Orexins/hypocretins are neuropeptides produced by several thousand neurons in the lateral hypothalamus. They project widely through the central nervous system where they release orexins which bind to two regionally selective G-protein coupled receptors: OX₁R and OX₂R. Orexins are well known as regulators of the sleep/wake cycle, however, recent investigations into orexinergic modulation of feeding and drug-seeking behaviour suggest they also play a role in reward processing and decision making. In the present study, we investigated the effects of OX₁R antagonism on goal-directed decision making using an operant probabilistic reversal learning (PRL) task. 44 male C57/BL6 mice were dosed daily with an OX₁R selective antagonist (1-SORA-51, 45 mg/kg) or vehicle (20 % w/v TPGS) while performing a PRL task consisting of 5 sessions on 5 consecutive days of probabilistic discrimination learning, followed by 5 sessions of reversal learning, both on and off drug, in a crossover design. Behaviours were then analysed within a reinforcement learning framework. Mice treated with 1-SORA-51 show a significant decrease in learning both initial and reversed reward contingencies, mediated largely through learning from positive outcomes. 1-SORA-51 also increased exploratory behaviours, both during learning and after reward contingencies had been learned.
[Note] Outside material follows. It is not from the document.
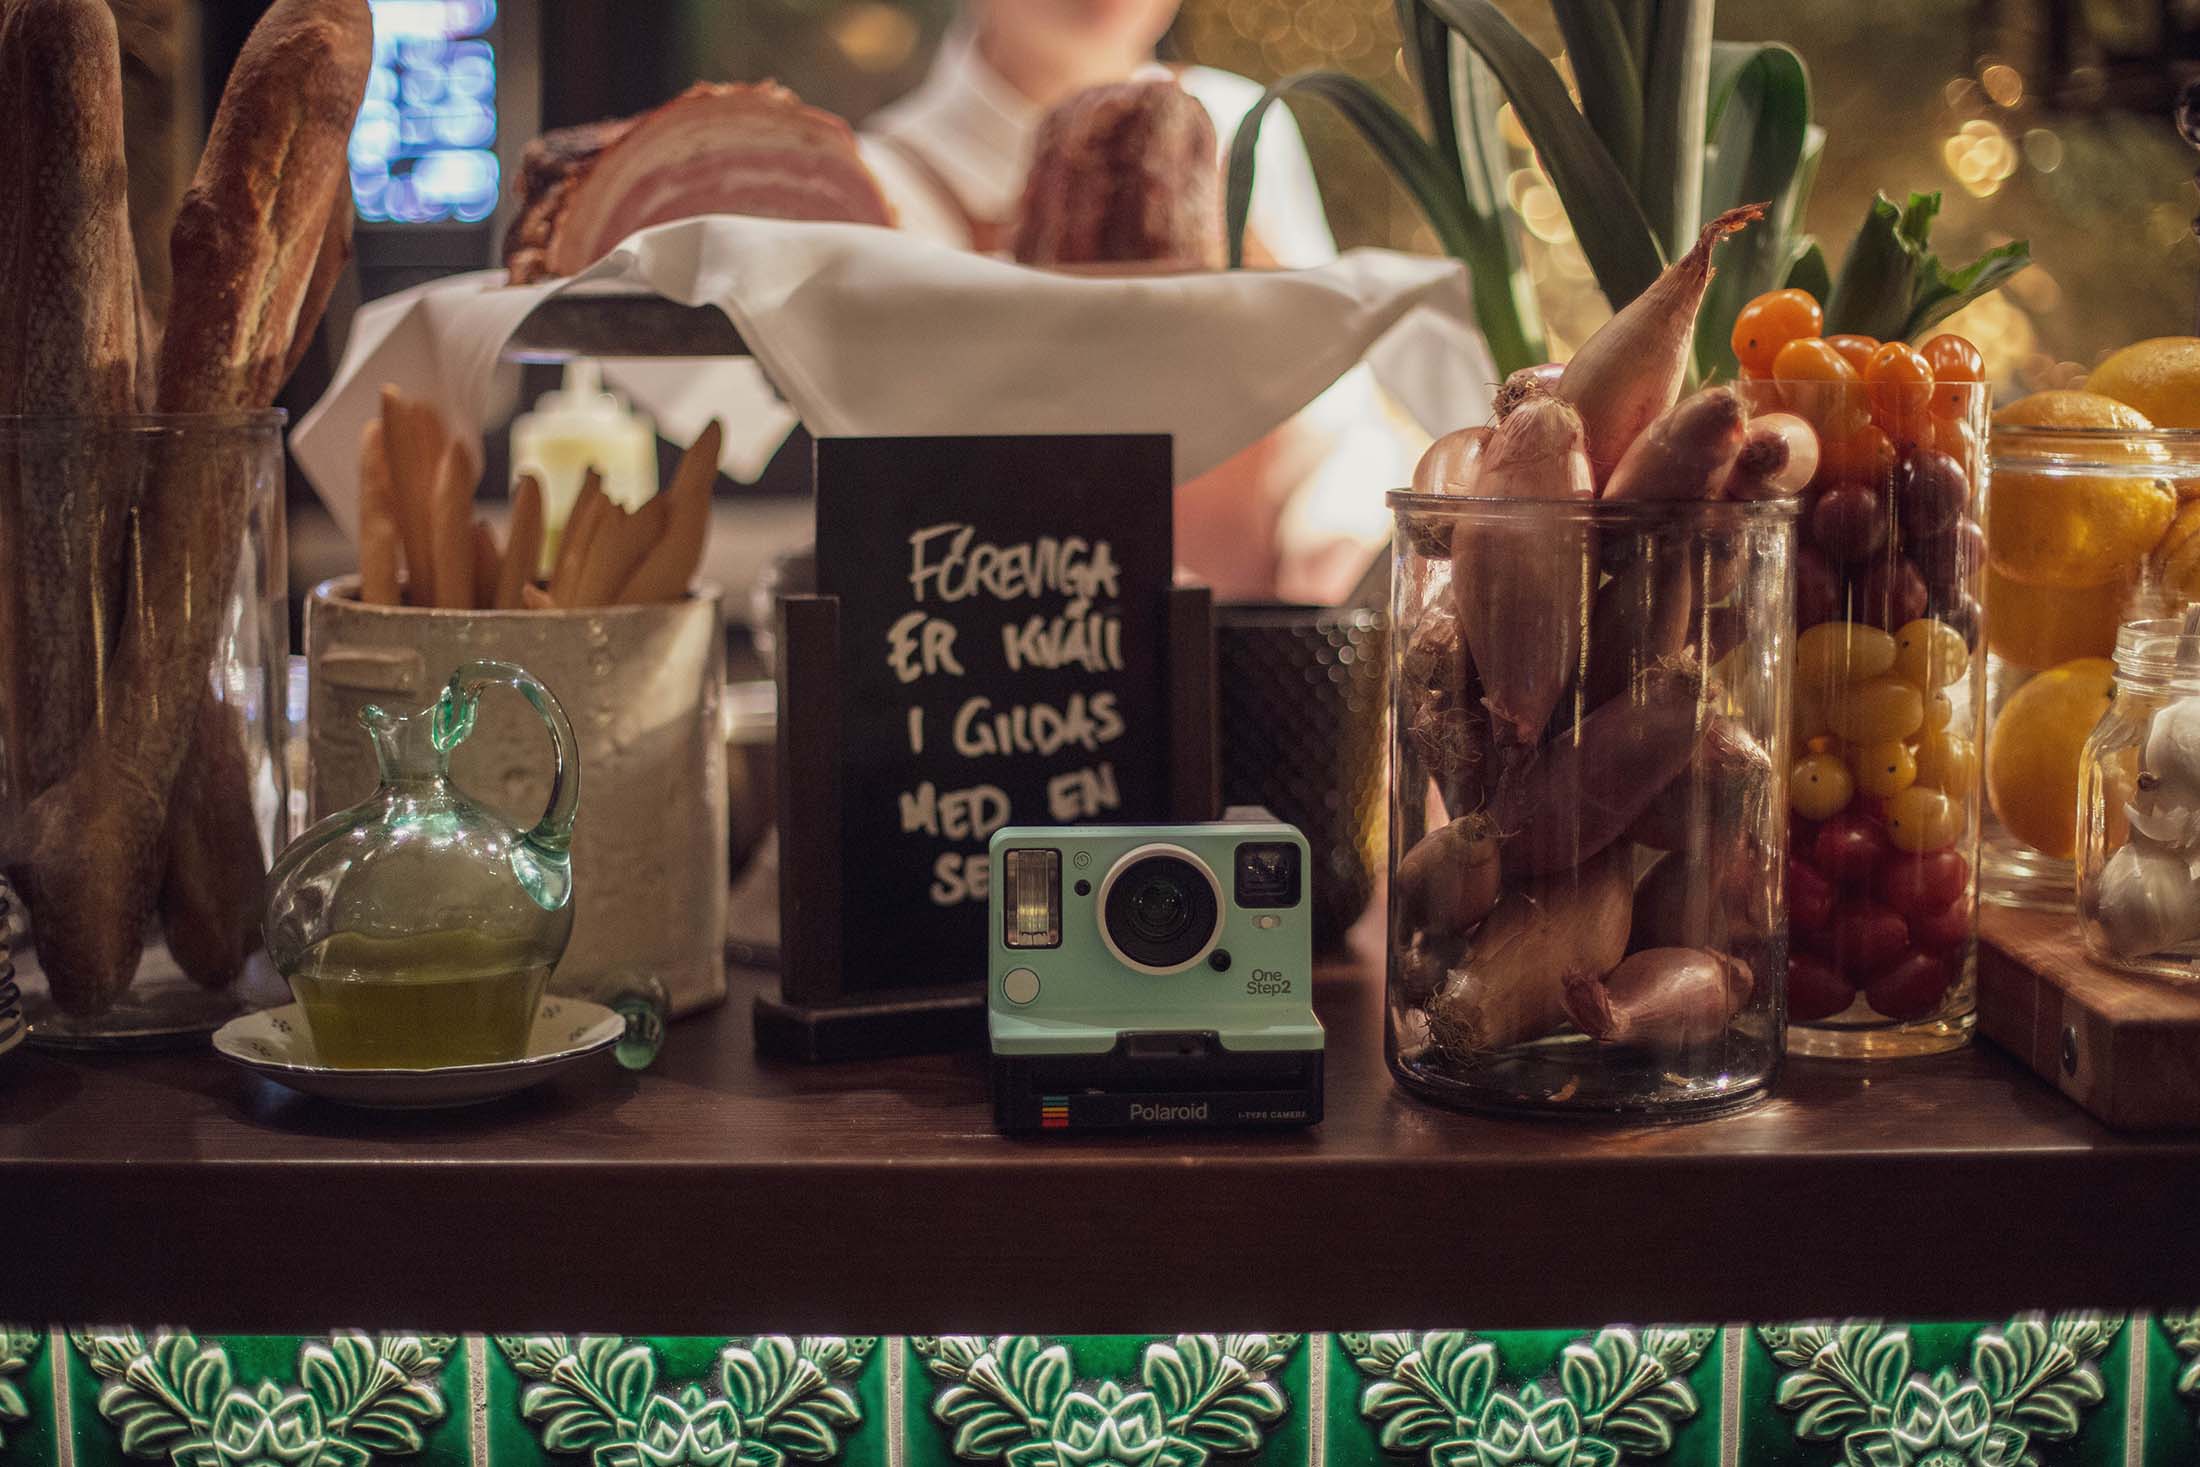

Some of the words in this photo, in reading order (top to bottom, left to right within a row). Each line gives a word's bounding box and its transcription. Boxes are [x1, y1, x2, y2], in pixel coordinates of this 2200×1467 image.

The findings suggest that OX₁R signalling plays multiple roles in decision making in both learning and reward processing, largely by impacting the positive reward domain. As such, OX₁R antagonists may be of therapeutic interest for improving abnormal reward processing and explore-exploit behaviours, such as the heightened sensitivity to drug cues and reduced responses to natural rewards, or heightened delay discounting as observed in people with substance use disorders.